OBJECTIVES: To evaluate the risk of conversion to MS and long-term disability, and to determine prognosis factors for disability.
DESIGN: We identified patients with no previous history of neurological disease who experienced APTM between January 1998 and December 2005 and were followed up at 3 university hospitals in France. Data on the patients' demographics and clinical states during follow-up, as well as data on cerebrospinal fluid (CSF) analysis, brain and spinal cord magnetic resonance imaging (MRI), and visual evoked potentials, were analyzed.
SETTING: Neurology departments of 3 university hospitals in Lille, Strasbourg, and Rouen, France, respectively.
PATIENTS: A total of 85 patients with no previous history of neurological disease who experienced APTM.
RESULTS: The mean (SD) follow-up period was 104.8 (29.8) months. There were 57 women (67%) and 28 men (33%), with a mean (SD) age at onset of 36.7 (11.7) years. At the end of follow-up, 53 patients (62%) were classified as having MS with a mean (SD) Expanded Disability Status Scale score of 2.6 (1.8), 1 patient (1%) was classified as having postinfectious myelitis, 1 (1%) as having neuromyelitis optica, 1 (1%) as having Sjögren syndrome, and 29 (34%) still had APTM of undetermined etiology. Oligoclonal bands in CSF were more frequent in patients with MS (92%) than in patients with APTM of undetermined etiology (38%).
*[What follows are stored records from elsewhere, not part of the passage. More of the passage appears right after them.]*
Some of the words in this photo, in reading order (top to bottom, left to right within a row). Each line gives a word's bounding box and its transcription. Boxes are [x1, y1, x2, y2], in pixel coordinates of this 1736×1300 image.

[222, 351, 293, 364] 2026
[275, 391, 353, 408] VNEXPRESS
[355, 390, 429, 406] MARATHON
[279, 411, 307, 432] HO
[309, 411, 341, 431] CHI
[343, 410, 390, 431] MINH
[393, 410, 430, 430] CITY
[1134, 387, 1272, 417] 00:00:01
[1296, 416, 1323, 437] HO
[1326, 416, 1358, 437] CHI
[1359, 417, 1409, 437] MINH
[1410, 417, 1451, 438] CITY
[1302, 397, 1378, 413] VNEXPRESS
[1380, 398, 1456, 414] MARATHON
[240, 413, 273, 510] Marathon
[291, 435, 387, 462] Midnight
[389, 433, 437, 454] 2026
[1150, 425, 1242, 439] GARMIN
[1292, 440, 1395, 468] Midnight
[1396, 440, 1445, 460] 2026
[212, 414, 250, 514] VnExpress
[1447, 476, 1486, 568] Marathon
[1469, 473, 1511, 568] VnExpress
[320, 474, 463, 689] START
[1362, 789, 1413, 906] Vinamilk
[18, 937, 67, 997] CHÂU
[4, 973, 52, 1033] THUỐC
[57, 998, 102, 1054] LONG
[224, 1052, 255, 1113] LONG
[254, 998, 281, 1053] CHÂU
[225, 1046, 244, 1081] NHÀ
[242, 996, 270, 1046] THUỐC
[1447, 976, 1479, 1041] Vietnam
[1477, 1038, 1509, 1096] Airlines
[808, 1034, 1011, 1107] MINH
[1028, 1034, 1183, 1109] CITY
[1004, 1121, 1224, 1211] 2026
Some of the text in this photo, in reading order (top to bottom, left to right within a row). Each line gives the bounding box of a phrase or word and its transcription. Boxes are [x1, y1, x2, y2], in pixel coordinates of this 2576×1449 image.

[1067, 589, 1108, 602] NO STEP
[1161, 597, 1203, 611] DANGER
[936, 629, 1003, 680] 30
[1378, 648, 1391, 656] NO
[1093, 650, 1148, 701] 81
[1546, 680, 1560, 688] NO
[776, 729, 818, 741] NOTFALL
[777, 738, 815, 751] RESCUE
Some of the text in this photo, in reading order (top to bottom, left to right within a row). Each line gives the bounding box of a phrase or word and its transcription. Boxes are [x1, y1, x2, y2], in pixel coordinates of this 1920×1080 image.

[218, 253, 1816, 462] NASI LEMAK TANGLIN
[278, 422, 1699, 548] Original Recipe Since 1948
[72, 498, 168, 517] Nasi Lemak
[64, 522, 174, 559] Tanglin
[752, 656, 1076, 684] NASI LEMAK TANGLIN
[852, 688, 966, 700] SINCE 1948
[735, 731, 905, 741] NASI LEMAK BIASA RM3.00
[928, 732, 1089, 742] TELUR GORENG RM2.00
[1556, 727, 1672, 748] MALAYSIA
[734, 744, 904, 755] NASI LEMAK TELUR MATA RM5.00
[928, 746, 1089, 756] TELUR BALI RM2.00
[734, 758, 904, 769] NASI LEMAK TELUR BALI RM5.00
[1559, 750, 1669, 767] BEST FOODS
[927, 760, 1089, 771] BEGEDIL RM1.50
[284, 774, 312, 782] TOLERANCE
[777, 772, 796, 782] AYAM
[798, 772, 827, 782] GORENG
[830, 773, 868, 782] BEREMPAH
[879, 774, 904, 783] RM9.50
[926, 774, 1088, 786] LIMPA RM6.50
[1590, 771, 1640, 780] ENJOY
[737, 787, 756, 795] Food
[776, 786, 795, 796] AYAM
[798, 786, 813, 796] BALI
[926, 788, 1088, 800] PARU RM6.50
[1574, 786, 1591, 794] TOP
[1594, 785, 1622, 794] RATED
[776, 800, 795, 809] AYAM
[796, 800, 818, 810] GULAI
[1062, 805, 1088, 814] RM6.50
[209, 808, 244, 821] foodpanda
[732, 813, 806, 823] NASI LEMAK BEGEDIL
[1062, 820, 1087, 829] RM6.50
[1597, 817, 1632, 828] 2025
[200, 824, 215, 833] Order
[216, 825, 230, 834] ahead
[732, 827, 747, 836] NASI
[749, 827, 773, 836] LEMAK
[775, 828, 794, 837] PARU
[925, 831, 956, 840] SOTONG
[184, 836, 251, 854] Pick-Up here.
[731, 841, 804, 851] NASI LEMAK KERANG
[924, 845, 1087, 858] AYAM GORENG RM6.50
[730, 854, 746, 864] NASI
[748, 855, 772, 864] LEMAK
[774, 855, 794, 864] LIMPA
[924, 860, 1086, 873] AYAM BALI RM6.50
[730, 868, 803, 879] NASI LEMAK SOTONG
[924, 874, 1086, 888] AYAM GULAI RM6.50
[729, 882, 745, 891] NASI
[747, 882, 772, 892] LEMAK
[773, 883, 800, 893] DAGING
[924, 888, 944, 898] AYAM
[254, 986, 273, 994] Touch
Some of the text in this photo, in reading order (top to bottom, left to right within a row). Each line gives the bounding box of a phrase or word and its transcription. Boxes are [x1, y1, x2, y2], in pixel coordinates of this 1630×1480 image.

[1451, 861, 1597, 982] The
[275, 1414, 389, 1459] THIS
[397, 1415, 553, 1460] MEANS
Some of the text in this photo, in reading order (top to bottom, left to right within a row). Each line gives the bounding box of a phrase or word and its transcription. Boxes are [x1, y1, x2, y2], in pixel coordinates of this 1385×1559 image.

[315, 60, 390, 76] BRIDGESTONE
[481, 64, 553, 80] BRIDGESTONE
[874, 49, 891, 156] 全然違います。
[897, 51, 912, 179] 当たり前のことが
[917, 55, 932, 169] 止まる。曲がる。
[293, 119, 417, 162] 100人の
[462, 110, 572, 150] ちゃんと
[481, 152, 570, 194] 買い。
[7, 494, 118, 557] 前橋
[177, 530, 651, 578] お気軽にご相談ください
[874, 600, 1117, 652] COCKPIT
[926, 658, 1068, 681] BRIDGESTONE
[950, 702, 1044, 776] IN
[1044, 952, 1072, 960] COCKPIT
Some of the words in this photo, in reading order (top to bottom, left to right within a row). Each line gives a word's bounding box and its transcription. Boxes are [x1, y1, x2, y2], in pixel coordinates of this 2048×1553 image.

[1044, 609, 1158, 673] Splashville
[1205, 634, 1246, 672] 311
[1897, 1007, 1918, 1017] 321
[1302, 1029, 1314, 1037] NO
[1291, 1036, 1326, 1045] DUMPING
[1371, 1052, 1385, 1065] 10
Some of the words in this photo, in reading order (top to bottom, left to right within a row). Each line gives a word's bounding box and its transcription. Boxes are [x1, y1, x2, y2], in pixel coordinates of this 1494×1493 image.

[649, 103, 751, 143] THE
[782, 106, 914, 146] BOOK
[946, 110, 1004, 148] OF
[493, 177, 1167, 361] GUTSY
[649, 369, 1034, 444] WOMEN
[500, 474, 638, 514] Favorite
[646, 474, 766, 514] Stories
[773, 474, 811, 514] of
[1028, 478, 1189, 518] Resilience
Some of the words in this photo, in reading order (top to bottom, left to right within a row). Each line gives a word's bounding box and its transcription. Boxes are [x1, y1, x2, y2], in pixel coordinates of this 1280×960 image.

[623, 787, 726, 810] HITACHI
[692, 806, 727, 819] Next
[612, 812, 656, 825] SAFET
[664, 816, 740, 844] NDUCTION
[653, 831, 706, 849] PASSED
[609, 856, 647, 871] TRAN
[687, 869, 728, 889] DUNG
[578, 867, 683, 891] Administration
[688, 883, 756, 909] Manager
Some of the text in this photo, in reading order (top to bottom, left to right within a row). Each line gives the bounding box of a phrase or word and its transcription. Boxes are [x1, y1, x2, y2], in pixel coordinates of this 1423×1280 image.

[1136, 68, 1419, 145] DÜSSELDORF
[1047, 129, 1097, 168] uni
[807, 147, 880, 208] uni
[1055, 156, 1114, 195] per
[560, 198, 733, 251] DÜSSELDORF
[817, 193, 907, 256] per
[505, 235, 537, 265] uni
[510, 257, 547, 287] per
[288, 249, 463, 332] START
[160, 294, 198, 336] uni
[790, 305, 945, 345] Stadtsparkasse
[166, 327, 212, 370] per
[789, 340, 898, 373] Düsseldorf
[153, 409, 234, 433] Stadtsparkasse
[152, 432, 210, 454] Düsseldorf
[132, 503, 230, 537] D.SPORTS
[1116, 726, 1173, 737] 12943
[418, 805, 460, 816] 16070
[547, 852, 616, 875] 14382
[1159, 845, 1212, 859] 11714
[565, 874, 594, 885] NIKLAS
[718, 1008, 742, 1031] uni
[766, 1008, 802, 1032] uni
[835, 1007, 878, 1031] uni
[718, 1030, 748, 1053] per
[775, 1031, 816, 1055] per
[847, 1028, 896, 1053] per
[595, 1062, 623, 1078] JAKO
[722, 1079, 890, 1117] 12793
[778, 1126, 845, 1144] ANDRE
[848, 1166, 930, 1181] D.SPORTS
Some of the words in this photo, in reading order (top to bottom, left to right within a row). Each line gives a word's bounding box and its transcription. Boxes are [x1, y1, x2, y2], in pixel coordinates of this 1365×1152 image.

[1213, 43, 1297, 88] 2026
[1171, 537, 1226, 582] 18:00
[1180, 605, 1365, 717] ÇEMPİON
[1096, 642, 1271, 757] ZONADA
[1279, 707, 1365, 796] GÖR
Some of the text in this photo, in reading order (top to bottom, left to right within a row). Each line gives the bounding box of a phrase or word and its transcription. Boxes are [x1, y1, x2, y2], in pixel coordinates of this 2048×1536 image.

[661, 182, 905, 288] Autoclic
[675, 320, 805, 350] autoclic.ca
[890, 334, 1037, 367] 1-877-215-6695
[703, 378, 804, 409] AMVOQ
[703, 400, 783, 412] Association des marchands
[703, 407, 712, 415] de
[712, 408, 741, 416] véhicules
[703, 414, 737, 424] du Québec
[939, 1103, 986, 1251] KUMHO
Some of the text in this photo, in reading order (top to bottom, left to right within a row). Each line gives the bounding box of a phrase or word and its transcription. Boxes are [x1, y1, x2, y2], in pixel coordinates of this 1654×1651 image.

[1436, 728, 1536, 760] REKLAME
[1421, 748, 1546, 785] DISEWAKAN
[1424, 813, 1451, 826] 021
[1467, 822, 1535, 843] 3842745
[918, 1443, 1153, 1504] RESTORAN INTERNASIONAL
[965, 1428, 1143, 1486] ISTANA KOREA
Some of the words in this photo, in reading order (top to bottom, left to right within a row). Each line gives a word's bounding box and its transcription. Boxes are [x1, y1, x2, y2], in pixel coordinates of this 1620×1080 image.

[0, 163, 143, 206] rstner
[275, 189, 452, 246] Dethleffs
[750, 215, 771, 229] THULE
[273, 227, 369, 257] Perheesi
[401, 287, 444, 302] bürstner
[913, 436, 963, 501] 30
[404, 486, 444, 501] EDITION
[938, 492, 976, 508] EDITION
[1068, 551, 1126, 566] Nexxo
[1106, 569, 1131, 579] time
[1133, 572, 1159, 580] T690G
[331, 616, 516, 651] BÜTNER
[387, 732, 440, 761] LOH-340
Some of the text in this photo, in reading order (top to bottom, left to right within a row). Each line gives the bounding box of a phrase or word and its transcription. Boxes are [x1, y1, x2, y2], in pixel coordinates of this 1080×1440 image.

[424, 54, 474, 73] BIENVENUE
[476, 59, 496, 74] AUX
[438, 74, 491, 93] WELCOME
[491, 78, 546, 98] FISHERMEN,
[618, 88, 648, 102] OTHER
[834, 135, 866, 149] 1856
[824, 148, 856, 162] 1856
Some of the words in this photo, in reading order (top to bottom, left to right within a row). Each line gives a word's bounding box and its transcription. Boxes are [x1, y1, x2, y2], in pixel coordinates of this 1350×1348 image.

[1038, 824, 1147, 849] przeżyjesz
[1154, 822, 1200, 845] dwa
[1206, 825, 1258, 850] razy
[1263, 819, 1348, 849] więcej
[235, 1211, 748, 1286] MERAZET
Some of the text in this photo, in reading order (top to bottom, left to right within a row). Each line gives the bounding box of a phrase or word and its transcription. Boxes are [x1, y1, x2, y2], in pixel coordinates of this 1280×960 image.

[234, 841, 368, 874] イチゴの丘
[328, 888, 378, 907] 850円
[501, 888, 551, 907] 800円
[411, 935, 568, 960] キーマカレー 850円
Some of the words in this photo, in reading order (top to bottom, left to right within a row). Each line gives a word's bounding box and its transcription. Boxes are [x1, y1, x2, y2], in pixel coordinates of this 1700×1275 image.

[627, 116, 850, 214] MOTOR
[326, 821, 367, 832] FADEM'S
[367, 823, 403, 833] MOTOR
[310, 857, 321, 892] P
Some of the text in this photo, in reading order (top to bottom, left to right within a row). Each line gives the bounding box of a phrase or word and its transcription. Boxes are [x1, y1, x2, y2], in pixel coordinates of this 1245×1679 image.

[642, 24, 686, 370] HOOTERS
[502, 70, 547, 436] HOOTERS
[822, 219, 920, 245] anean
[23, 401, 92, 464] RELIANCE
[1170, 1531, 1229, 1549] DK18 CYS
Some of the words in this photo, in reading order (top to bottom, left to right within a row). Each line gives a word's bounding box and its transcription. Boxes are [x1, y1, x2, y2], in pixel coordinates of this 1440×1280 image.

Brain MRI results were abnormal in 87% of patients with MS and 27% of patients with APTM of undetermined etiology; visual evoked potentials were abnormal in 43% of patients with MS and 4% of patients with APTM of undetermined etiology. Oligoclonal bands in CSF (odds ratio, 15.76 [95% CI, 2.95-84.24]) and at least 1 MRI-detected brain lesion (odds ratio, 7.74 [95% CI, 2.42-24.74]) were independent predictive factors for conversion to MS.
CONCLUSION: Our study confirms that abnormal brain MRI results and the presence of oligoclonal bands in CSF are 2 independent predictive factors for conversion to MS. No clinical, biological, or MRI factor at onset was predictive of long-term disability.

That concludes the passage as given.